:: Records to process

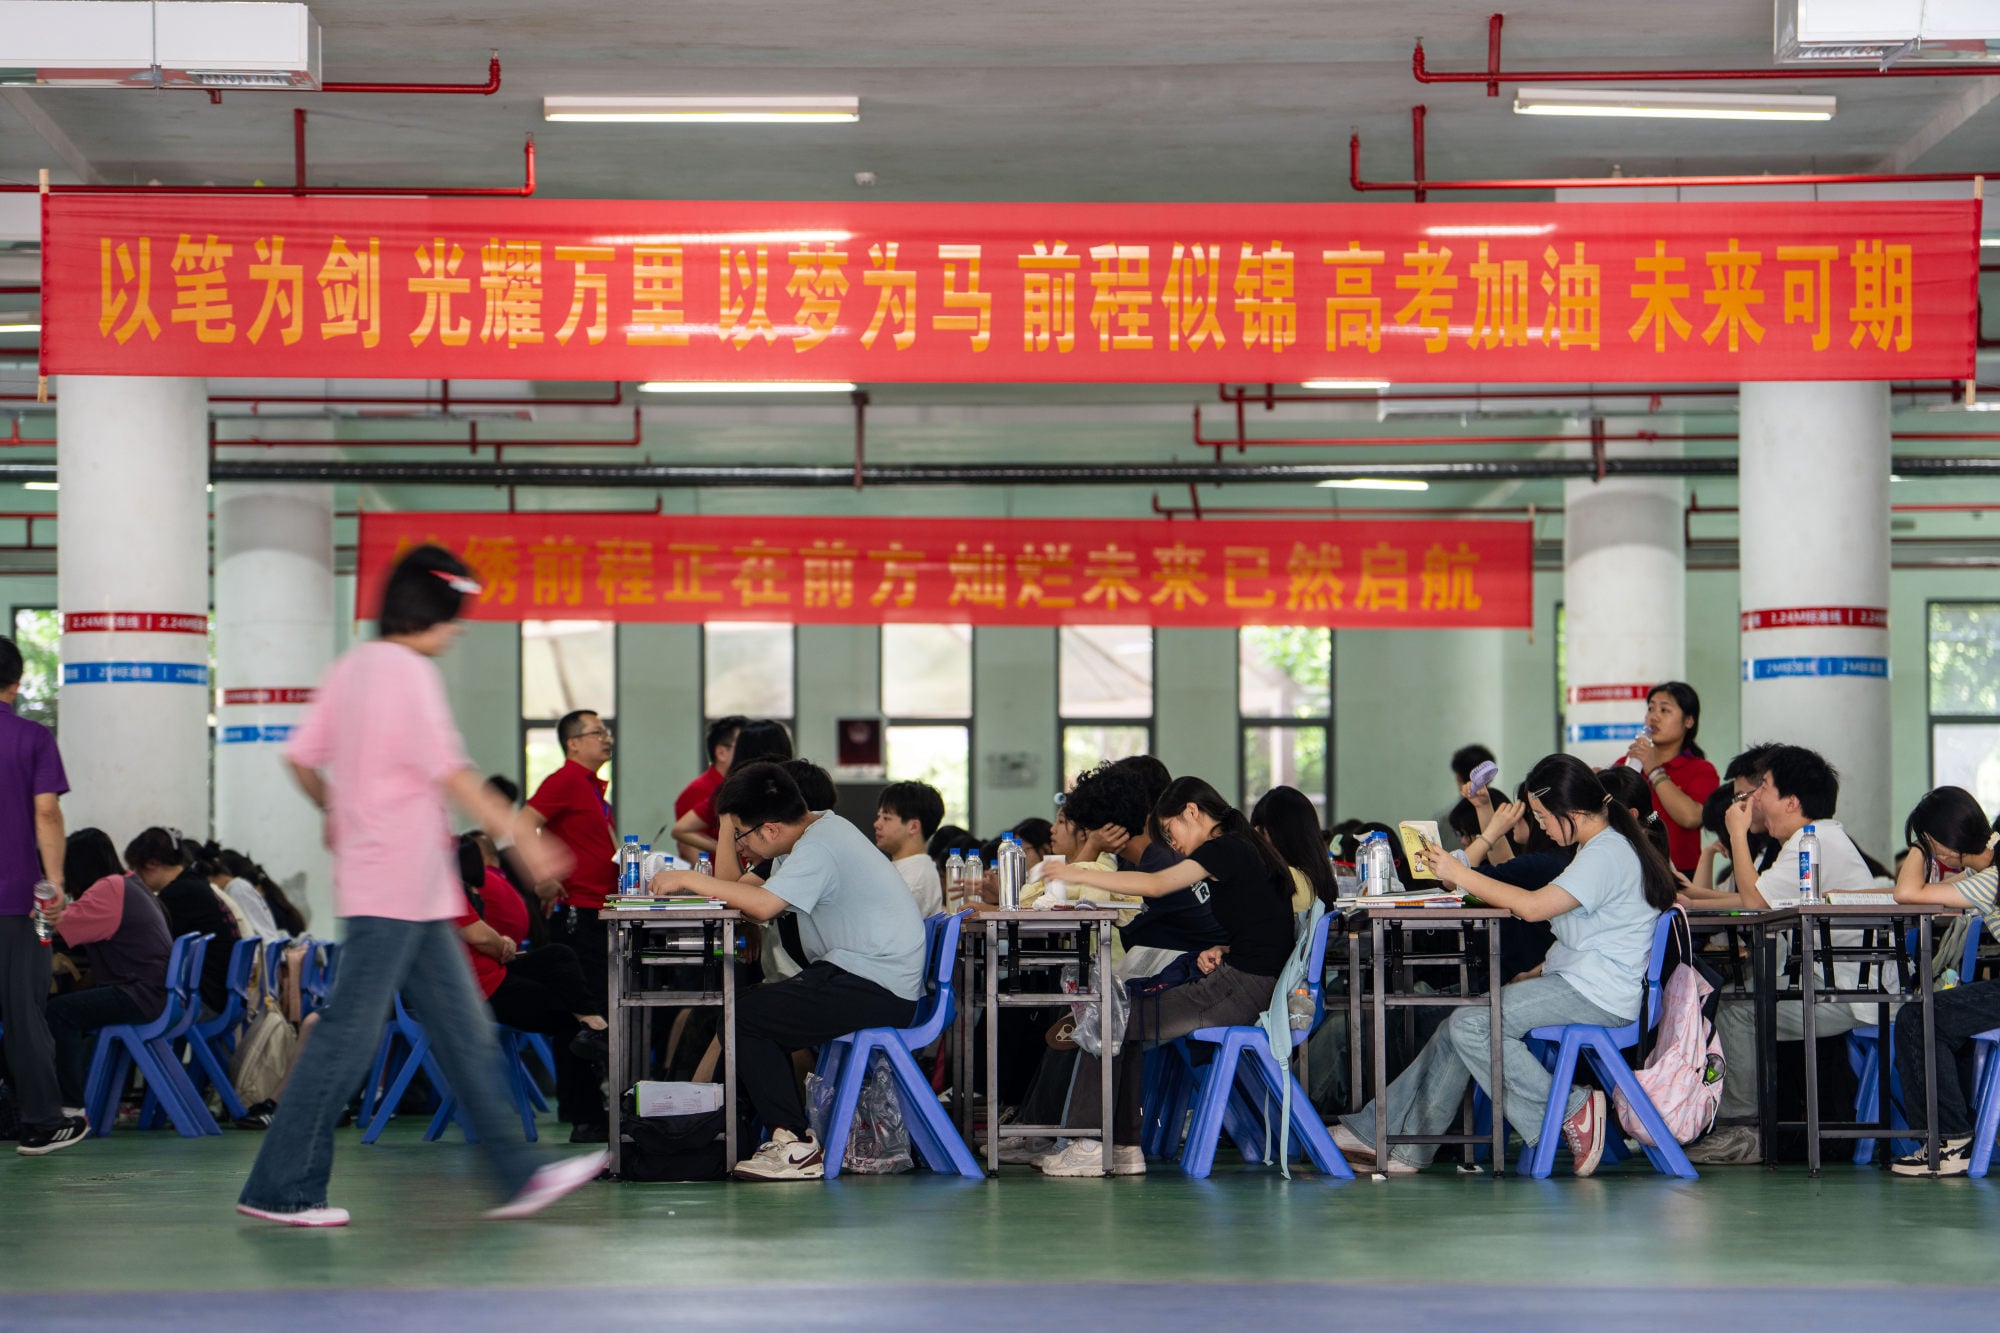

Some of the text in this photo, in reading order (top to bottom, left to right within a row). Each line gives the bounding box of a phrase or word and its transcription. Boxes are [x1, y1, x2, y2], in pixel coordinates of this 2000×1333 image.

[98, 232, 1913, 354] 以笔为剑 光耀万里 以梦为马 前程似锦 高考加油 未来可期
[393, 534, 1483, 612] 绣前程正在前方 灿烂未来已然启航
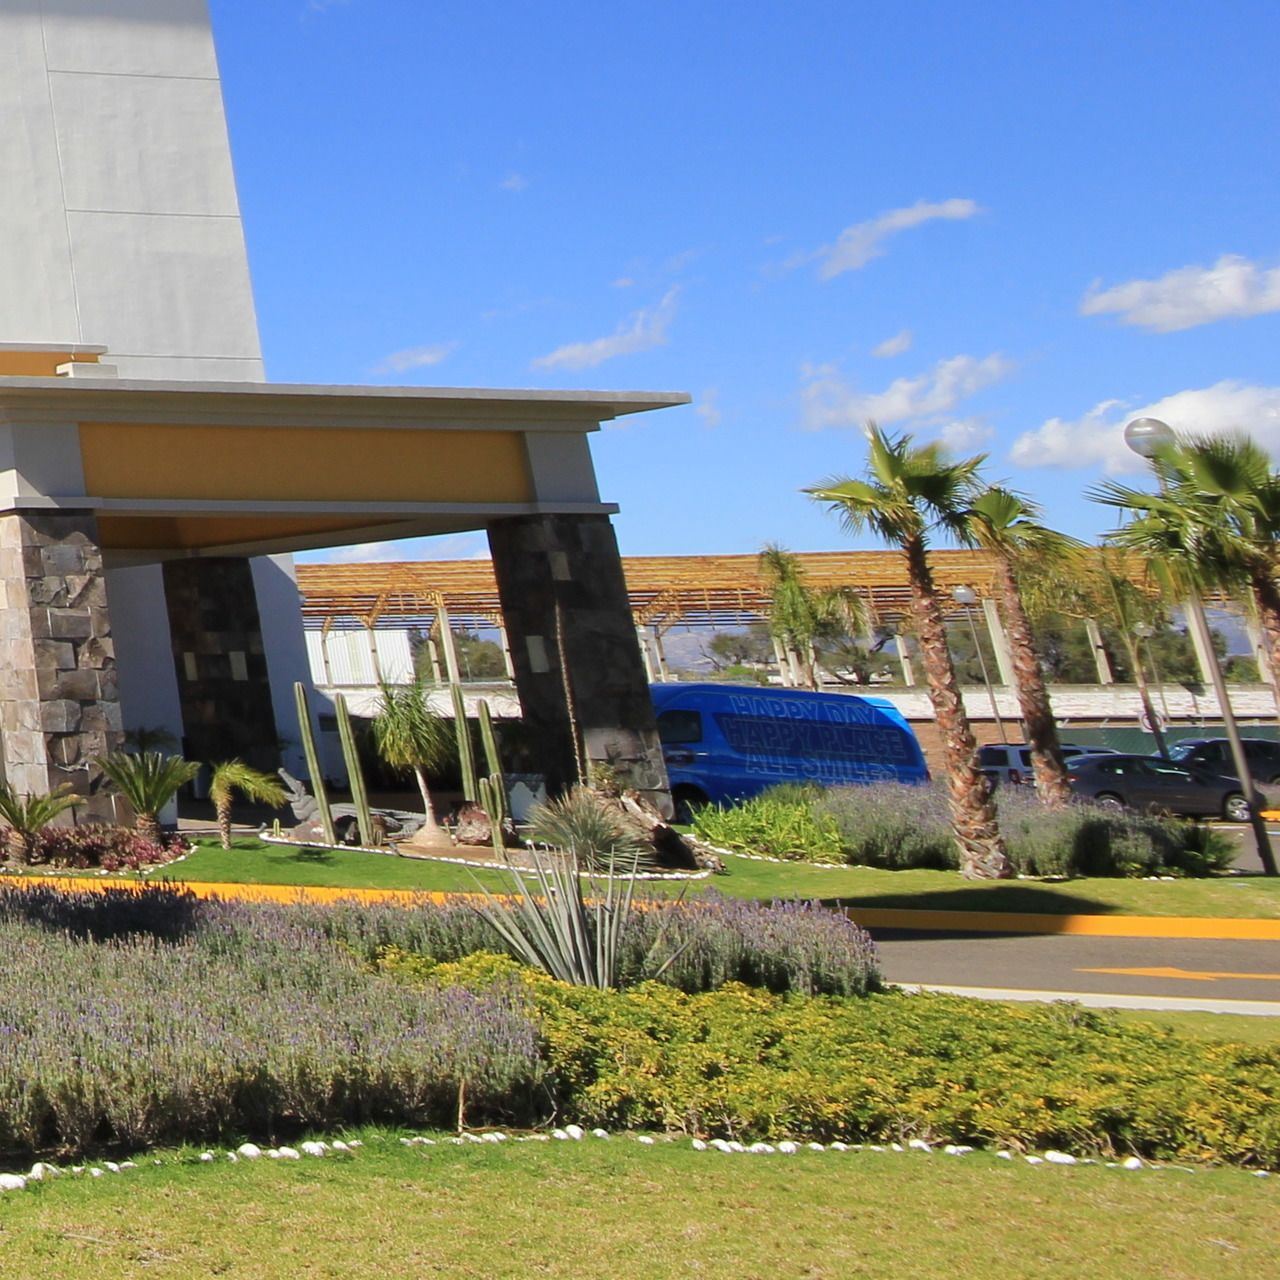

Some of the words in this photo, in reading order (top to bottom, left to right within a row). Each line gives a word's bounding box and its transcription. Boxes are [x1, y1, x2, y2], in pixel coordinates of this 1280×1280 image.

[729, 695, 819, 723] HAPPY
[824, 702, 878, 728] DAY
[719, 717, 816, 753] HAPPY
[817, 723, 907, 759] PLACE
[745, 748, 798, 777] ALL
[801, 752, 899, 782] SMILES

::::

Exercise details |
Repeat the lines above, from the one containing "Some of the words" to the final line, word for word and with nothing else.

Solution |
Some of the words in this photo, in reading order (top to bottom, left to right within a row). Each line gives a word's bounding box and its transcription. Boxes are [x1, y1, x2, y2], in pixel coordinates of this 1280×1280 image.

[729, 695, 819, 723] HAPPY
[824, 702, 878, 728] DAY
[719, 717, 816, 753] HAPPY
[817, 723, 907, 759] PLACE
[745, 748, 798, 777] ALL
[801, 752, 899, 782] SMILES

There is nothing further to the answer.